Heifers off-loaded from the Santiago Iglesias await distribution to Polish farmers, November 1945. Photo credit: UNRRA.
The list I sent Magda included the names and towns of the recipient farmers and tag numbers of the heifers. Grace, being Catholic and living near those communities, went to each village and posted the names of the recipients from that village in their Catholic Church. And she found one of the men! Stanislaw Debert.

Magda Starega talks with Stanislaw Debert about his experience receiving a heifer and UNRRA goods in 1945. Photo credit: Peggy Reiff Miller.
Stanislaw was 89, soon to be 90, when I met him, and I had a delightful visit with him, his wife, and a daughter; and with Magda interpreting for me, I was able to hear Stanislaw’s story.

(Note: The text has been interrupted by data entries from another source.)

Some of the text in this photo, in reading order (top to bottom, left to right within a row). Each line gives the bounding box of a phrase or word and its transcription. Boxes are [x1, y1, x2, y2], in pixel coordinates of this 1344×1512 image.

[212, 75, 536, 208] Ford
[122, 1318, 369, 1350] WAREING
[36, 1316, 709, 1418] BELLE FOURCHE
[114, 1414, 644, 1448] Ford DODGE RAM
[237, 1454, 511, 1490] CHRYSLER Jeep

After WWII, Europe was a mass of shifting populations as country borders and control of countries changed. As we have seen in previous posts, people of German heritage living in eastern European countries were sent back to Germany, no matter how many generations they had lived in the east. Before the war, the area of Poland around Gdansk had been part of Germany, so the Germans had to flee when it was given back to Poland. Stanislaw, on the other hand, fled, from his home in one part of Poland to Gdansk. He had been a combatant for the Polish Army during the war. He said he left his city of Kielce clinging to the roof of a train with only the clothes on his back. Stanislaw and his wife and small child were resettled, then, in one of the abandoned houses outside of Gdansk on 50 hectares (123 acres) to start their new life in the fall of 1945.

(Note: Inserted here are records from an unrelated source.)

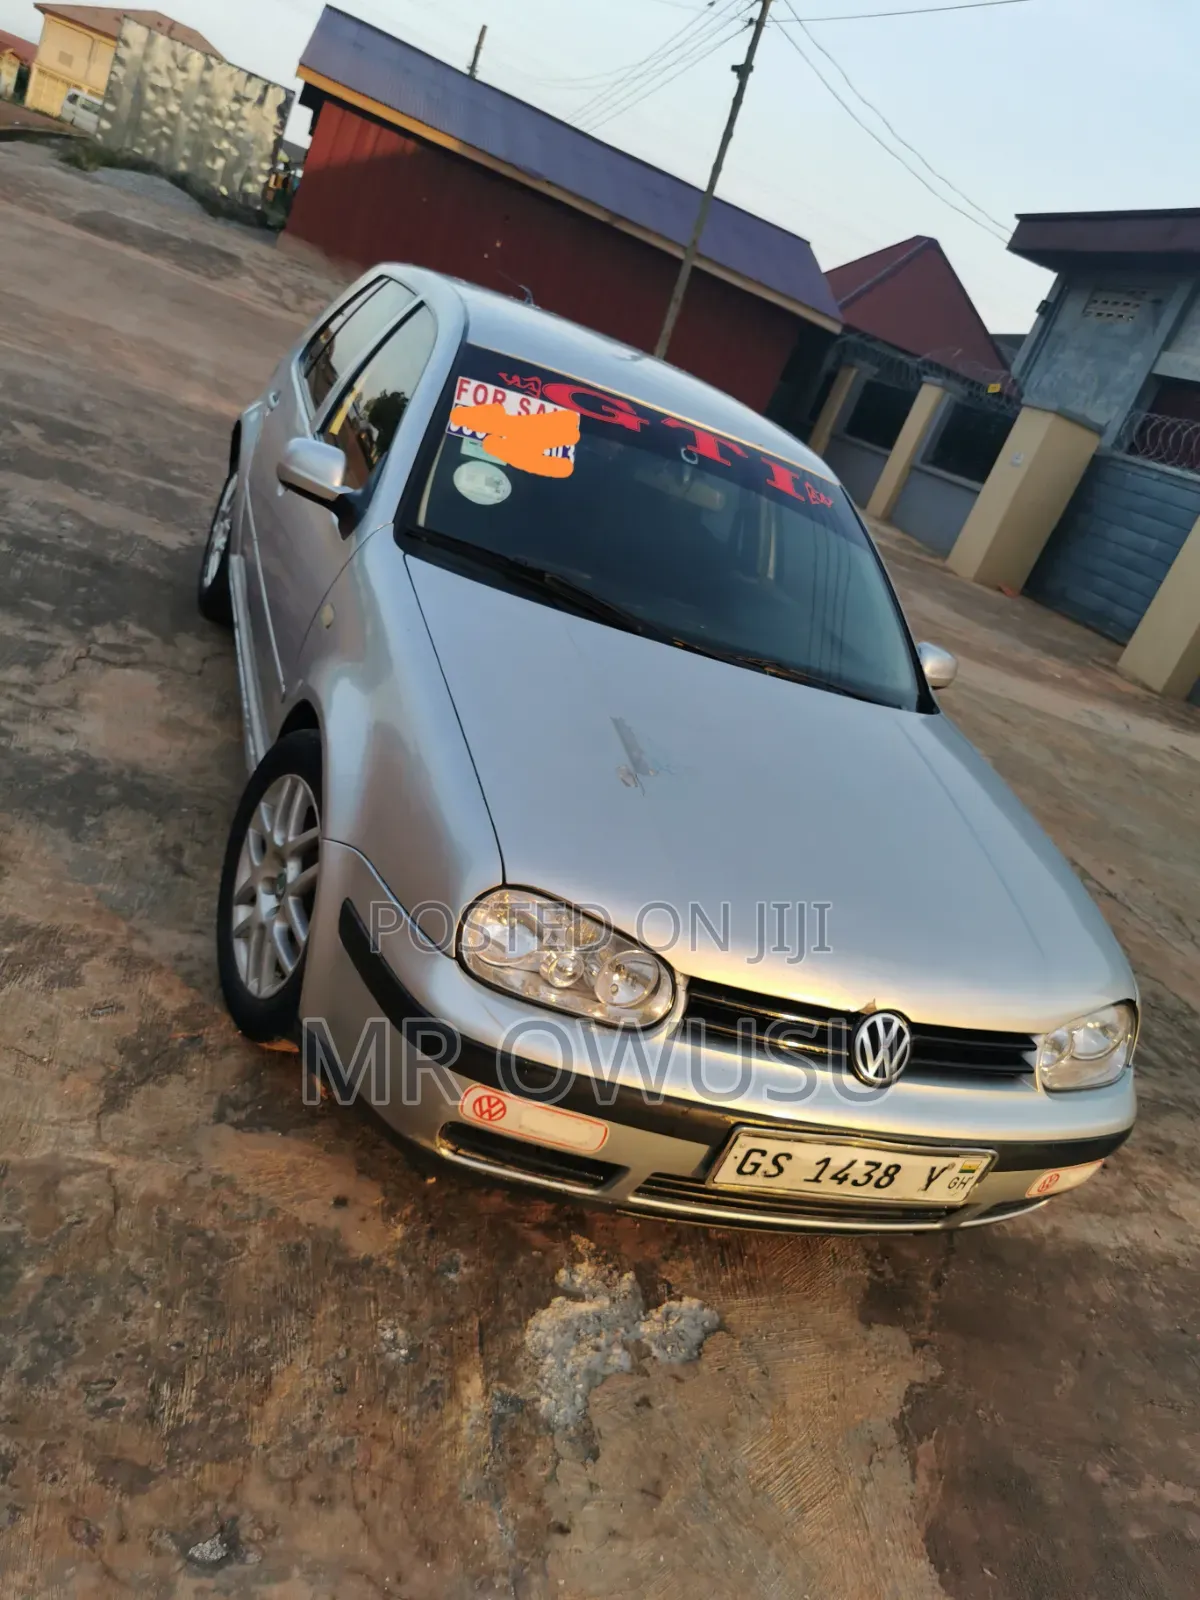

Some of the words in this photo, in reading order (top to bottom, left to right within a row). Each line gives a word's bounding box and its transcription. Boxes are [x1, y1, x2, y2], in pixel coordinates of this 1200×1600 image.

[456, 379, 507, 407] FOR
[542, 383, 805, 503] GTI
[855, 1012, 911, 1083] VW
[736, 1148, 793, 1178] GS
[803, 1157, 902, 1190] 1438
[922, 1164, 951, 1192] Y
[947, 1176, 974, 1191] GH

They were lucky to receive a house. “We invited five other families to live there,” Stanislaw said. “There was nothing there to eat when we arrived. No fruits. No vegetables. It was cold, and we were sick all the time.” The heifer they received from the Heifer Project, along with two horses and food goods from UNRRA, helped them survive.

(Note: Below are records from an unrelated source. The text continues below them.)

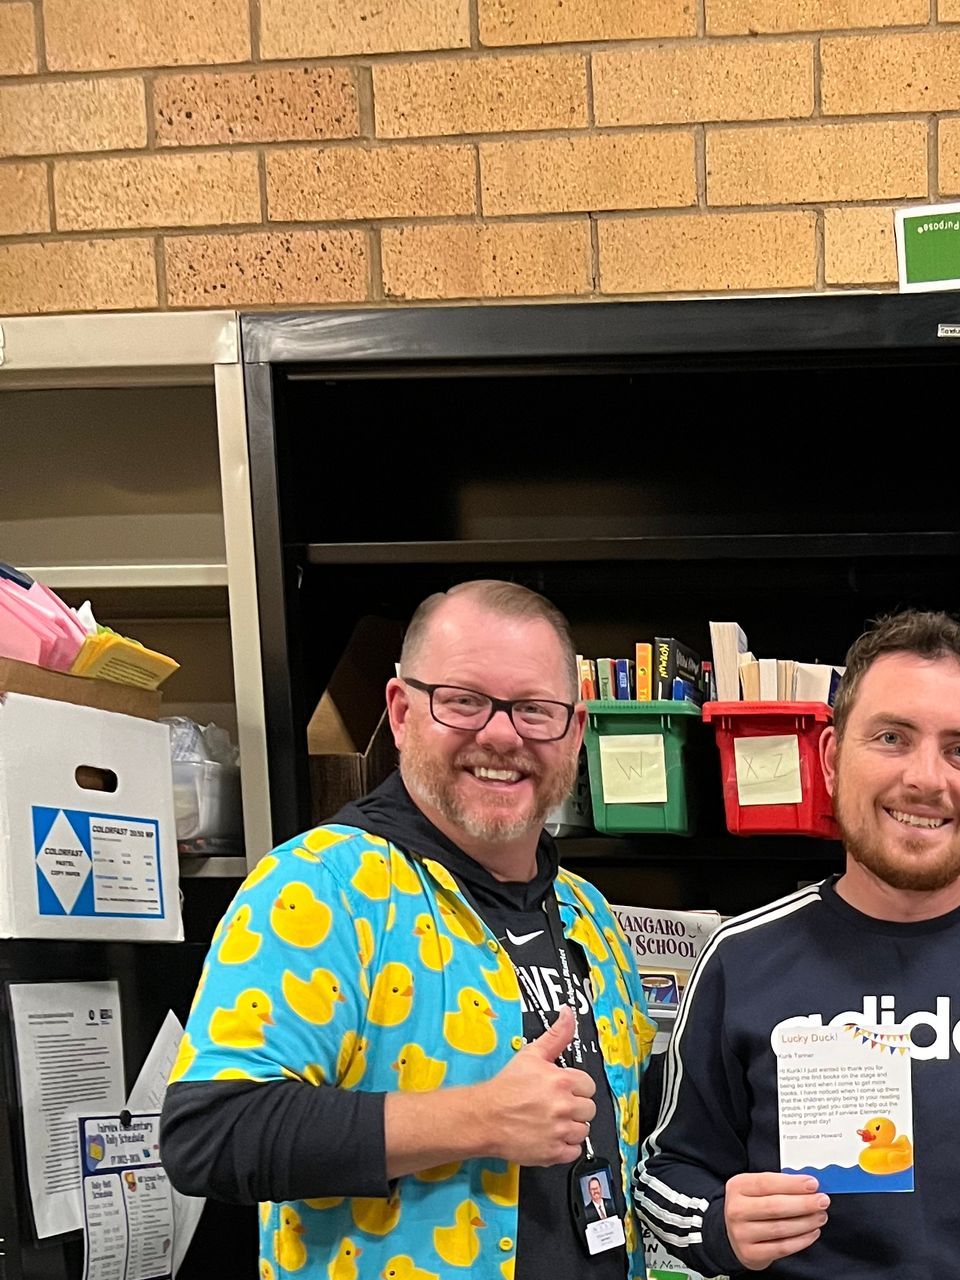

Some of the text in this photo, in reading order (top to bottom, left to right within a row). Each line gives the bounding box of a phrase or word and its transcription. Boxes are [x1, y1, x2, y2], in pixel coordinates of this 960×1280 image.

[615, 751, 643, 781] W
[742, 753, 788, 780] X-Z
[613, 911, 697, 939] KANGARO
[636, 935, 698, 958] SCHOOL
[781, 1032, 838, 1044] Lucky Duck!

“Our heifer was very skinny when we got her, but after a couple of months, she fattened up. We kept her in the house to keep her safe from the Russians,” he said. “They were stealing cows for meat.”
Stanislaw said the Polish government determined who would receive a horse or cow. “We milled grain for flour and fed the cow the leavings. Our cow gave great milk,” he said. “The cream was so thick you could cut it like butter. She was our only cow for five years until she got sick. We had to kill her. The children cried.” With tears in his eyes, he said, “That was a sad time.”

Stanislaw’s daughter shows us one of Stanislaw’s awards for the studs he raised on his farm. Photo credit: Peggy Reiff Miller.
Stanislaw eventually turned his farm into an award-winning stud farm. Today his grandson runs the farm, which has doubled in size but, to Stanislaw’s chagrine, no longer has horses. Only grain, which worries Stanislaw.
When it came time for Magda, Grace, and me to leave, Stanislaw said, “I didn’t expect so many emotions today that someone would find us on a list in America and remember us so many years later.” He wanted to know, “How can I thank the people for this gift of a heifer?” I told him, “You just did. I will see that your thanks get passed on.”

What a joyous day for Stanislaw, his wife, and daughter and myself remembering the importance of a gifted heifer. Photo credit: Magda Starega.
Multiply these stories of recipients in Germany and Poland over and over again, and you can see the impact the work of the seagoing cowboys in delivering these animals has had in helping to rebuild a broken world.
Love reading these stories…remember raising money for Heifer Project during VBS as a child and young parent!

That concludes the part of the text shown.